The answer must be every entry below, word for word, with the pictures left out.

Data excerpts:

⁂

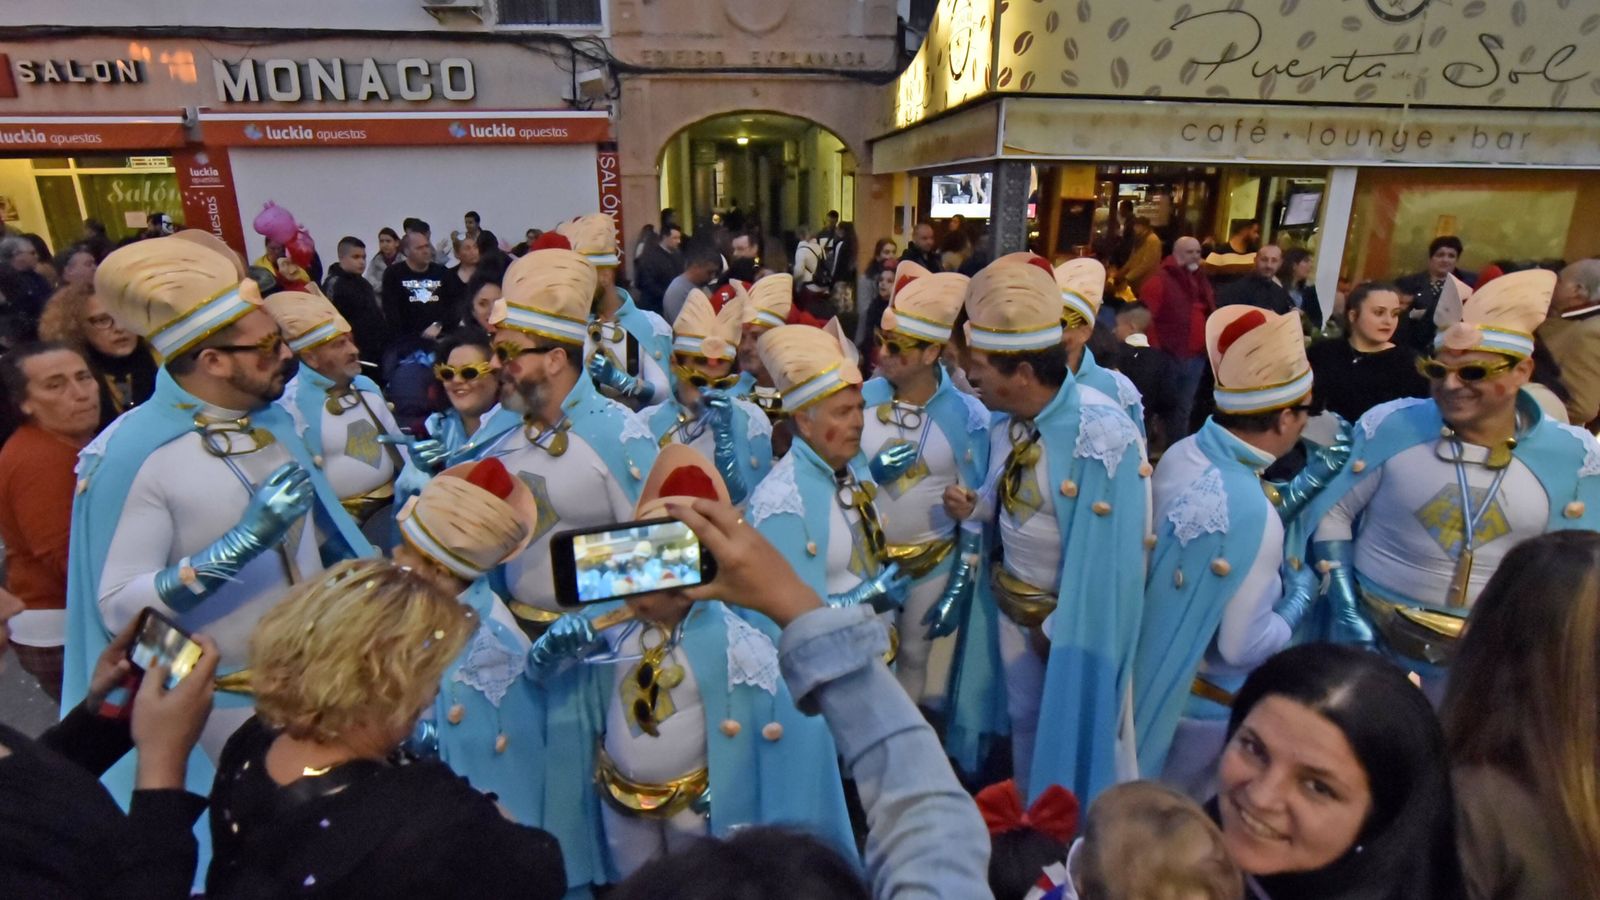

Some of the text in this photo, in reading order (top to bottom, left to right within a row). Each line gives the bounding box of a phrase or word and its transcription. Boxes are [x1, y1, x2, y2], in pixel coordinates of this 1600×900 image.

[1169, 9, 1395, 82] Puerta
[1442, 33, 1591, 88] Sol
[15, 59, 140, 83] SALON
[211, 57, 477, 102] MONACO
[0, 129, 102, 146] luckia apuestas
[265, 125, 367, 141] luckia apuestas
[470, 123, 568, 140] luckia apuestas
[1181, 118, 1531, 153] café lounge bar
[189, 167, 219, 177] luckia
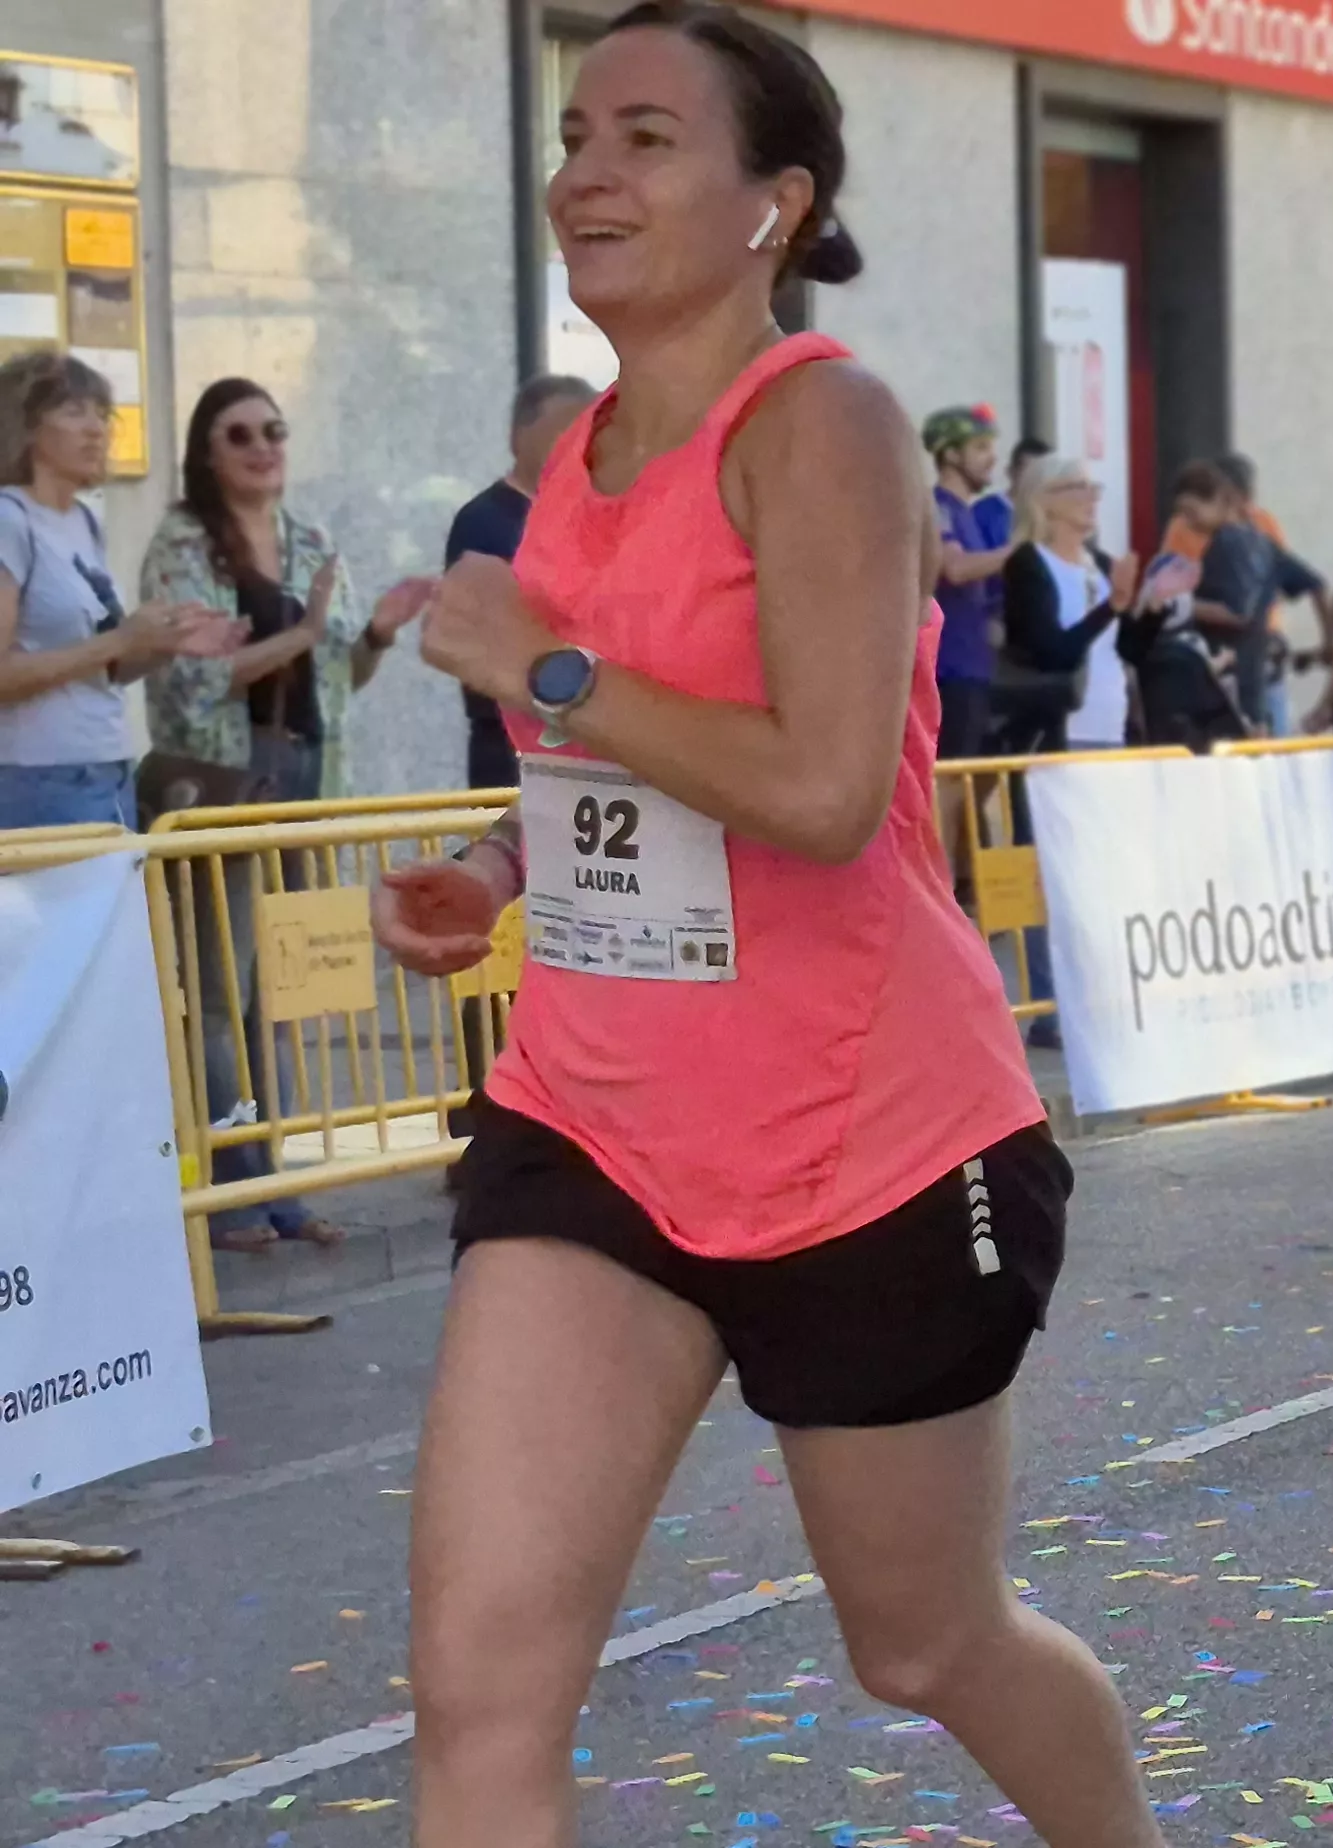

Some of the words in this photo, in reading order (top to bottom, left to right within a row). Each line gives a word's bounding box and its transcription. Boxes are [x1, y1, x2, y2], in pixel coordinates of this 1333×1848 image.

[574, 796, 640, 859] 92
[574, 866, 641, 895] LAURA
[0, 1349, 152, 1423] avanza.com

⁂

Response:
Some of the text in this photo, in reading order (top to bottom, left to right within a row). Each line gives the bounding box of a phrase or word and its transcription. Boxes are [x1, y1, x2, y2], in pixel coordinates of this 1600×900 image.

[1169, 9, 1395, 82] Puerta
[1442, 33, 1591, 88] Sol
[15, 59, 140, 83] SALON
[211, 57, 477, 102] MONACO
[0, 129, 102, 146] luckia apuestas
[265, 125, 367, 141] luckia apuestas
[470, 123, 568, 140] luckia apuestas
[1181, 118, 1531, 153] café lounge bar
[189, 167, 219, 177] luckia

Some of the words in this photo, in reading order (top to bottom, left to right within a row). Each line gives a word's bounding box and its transcription. Boxes are [x1, y1, x2, y2], in pixel coordinates of this 1333×1848 image.

[574, 796, 640, 859] 92
[574, 866, 641, 895] LAURA
[0, 1349, 152, 1423] avanza.com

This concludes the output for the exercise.